The collapse of Sam Bankman-Fried’s FTX empire has left the crypto industry reeling amid concerns over a lack of trust, limited regulation and the potential for fraudulent activity to occur at the top of the space.
In just a matter of weeks, Bankman-Fried – otherwise known as SBF – went from being seen as the ‘respectable’ face of crypto to facing criminal charges the finance industry has not seen since the days of Bernie Madoff after reports revealed fraudulent activity in the finances of FTX.
FTX filed for bankruptcy on 11 November 2022 after SBF admitted the company did not have sufficient assets to pay its customers causing the CEO’s estimated net worth of $26bn to be wiped out.

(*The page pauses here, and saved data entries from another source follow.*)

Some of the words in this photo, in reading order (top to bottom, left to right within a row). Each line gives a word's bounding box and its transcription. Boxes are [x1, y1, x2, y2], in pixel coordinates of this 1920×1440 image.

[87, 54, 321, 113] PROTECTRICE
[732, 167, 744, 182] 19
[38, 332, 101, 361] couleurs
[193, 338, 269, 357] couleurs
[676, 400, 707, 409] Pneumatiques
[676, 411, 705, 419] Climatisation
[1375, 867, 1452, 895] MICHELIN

The news sent shockwaves through the crypto industry, with the three FTX exchange-traded products (ETPs) listed in Europe forced to shut after issuers could no longer price FTX’s tokens while the wider crypto industry saw $183bn wiped from its market cap.
As CoinShares stressed in its Q4 2022 results: “The entire digital asset sector was negatively impacted by the unexpected insolvency of FTX and the revelations of widespread fraud that continue in the wake of this unexpected event. Like many others, we did not circumvent FTX’s bankruptcy unscathed.”
The need for regulation
The saga shows what can happen when an industry is left to regulate itself. The digital assets community has had some success in shaking off its ‘wild west’ tag in recent years amid the growing adoption of institutional investors and greater participation from the wider banking and asset management space.

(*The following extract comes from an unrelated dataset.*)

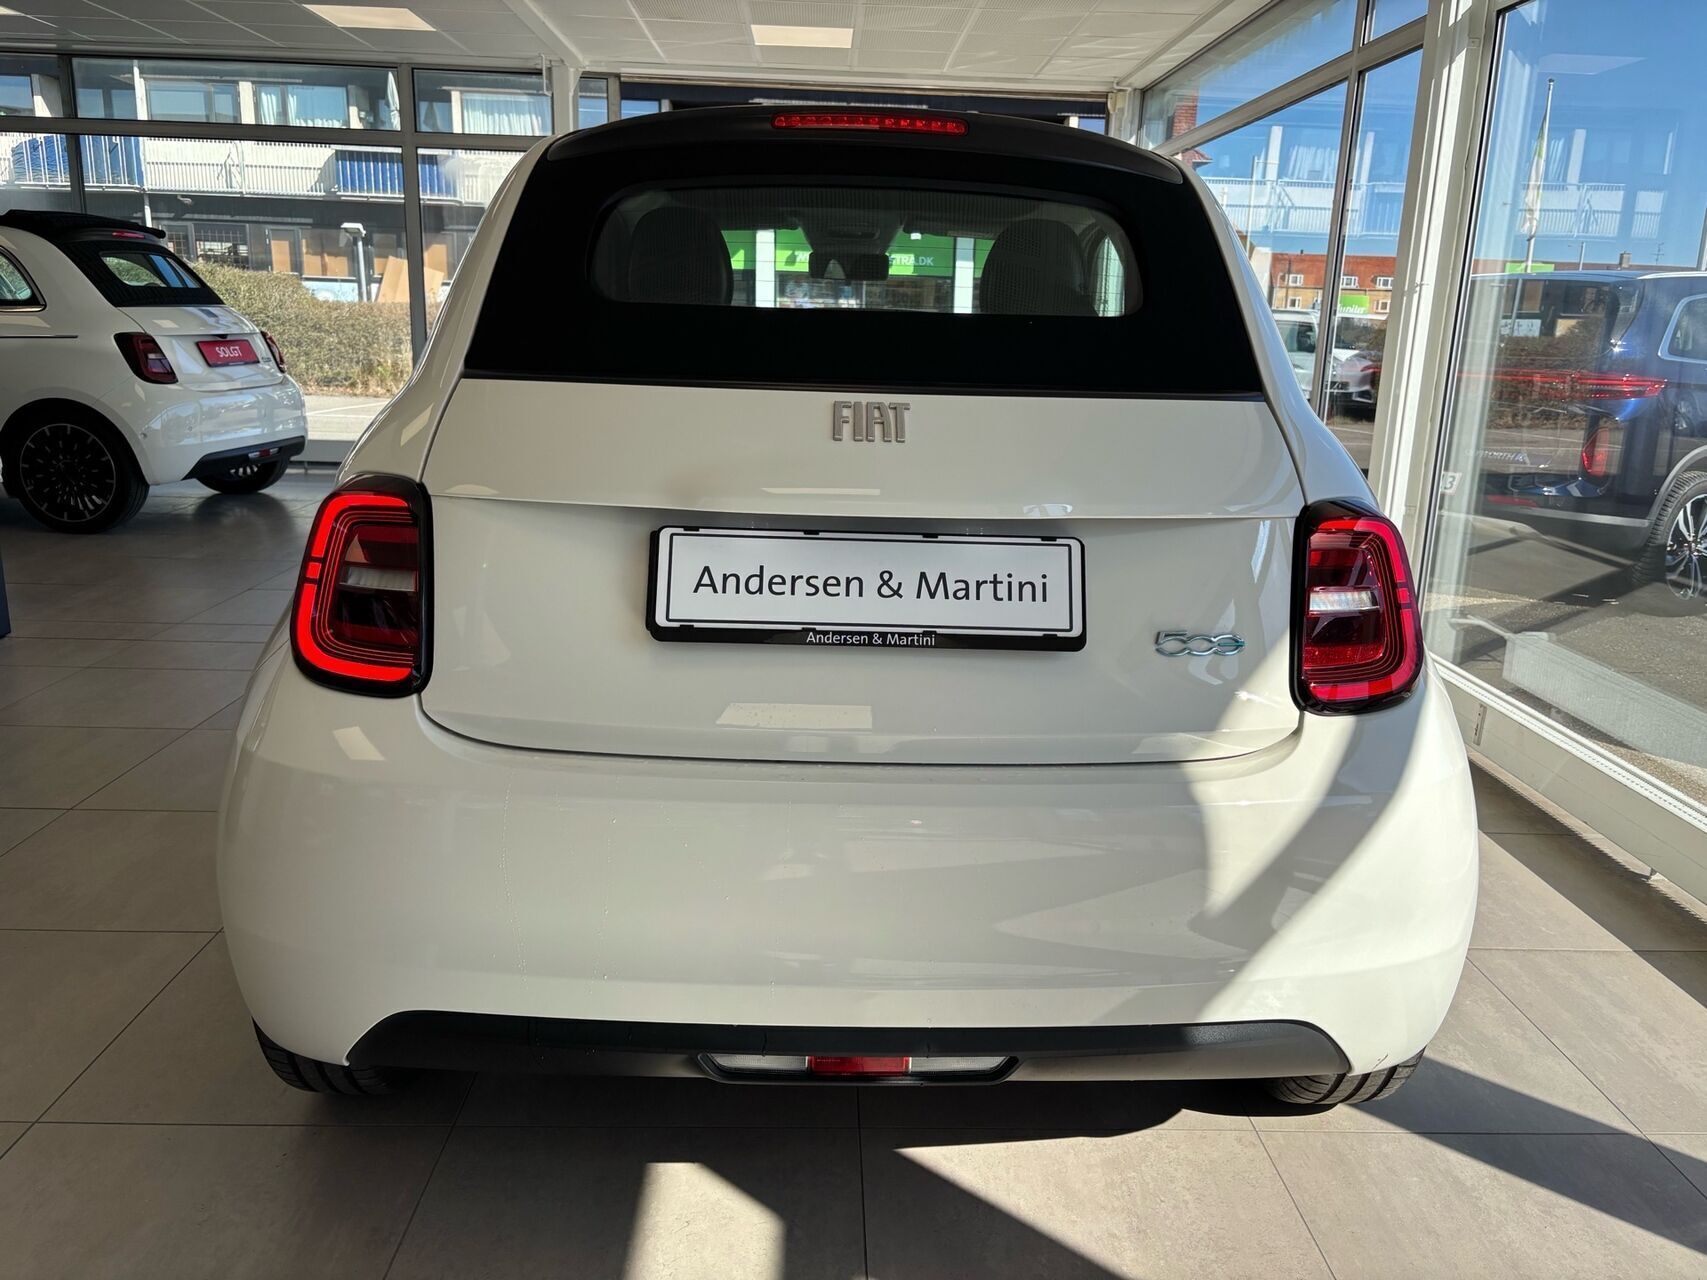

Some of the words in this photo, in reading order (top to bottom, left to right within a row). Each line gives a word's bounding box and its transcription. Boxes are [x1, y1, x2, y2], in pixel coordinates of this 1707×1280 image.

However, the underlying market ironically remains an opaque black box where there are no requirements for proof of reserves, effective management of liquidity or any stress on due diligence.
Gary Buxton, head of EMEA ETFs at Invesco, which launched its first crypto ETP in January 2022, warned the recent failure of FTX and the terra stablecoin last March has increased the need for more effective regulation.
“Blockchain technology has the potential to revolutionise many areas of industry, but perhaps nowhere more so than in financial services, where the development of cryptocurrencies has already challenged many of the traditional paradigms,” Buxton continued.
“While some areas of the cryptocurrency industry may continue to push back against regulation, many more now recognise its benefit for the growth of the industry as a whole.”
The European Union has taken a lead from a regulatory perspective with the Markets in Crypto-assets (MiCA) which covers the issuance of, intermediating and dealing in cryptoassets. This wide-ranging directive focuses on consumer protection and financial stability, no easy task for an asset class still recovering from its biggest scandal since inception.
Overall, the digital assets industry is certainly not done yet, however, regulation is essential if it is to take the next step on its rollercoaster journey.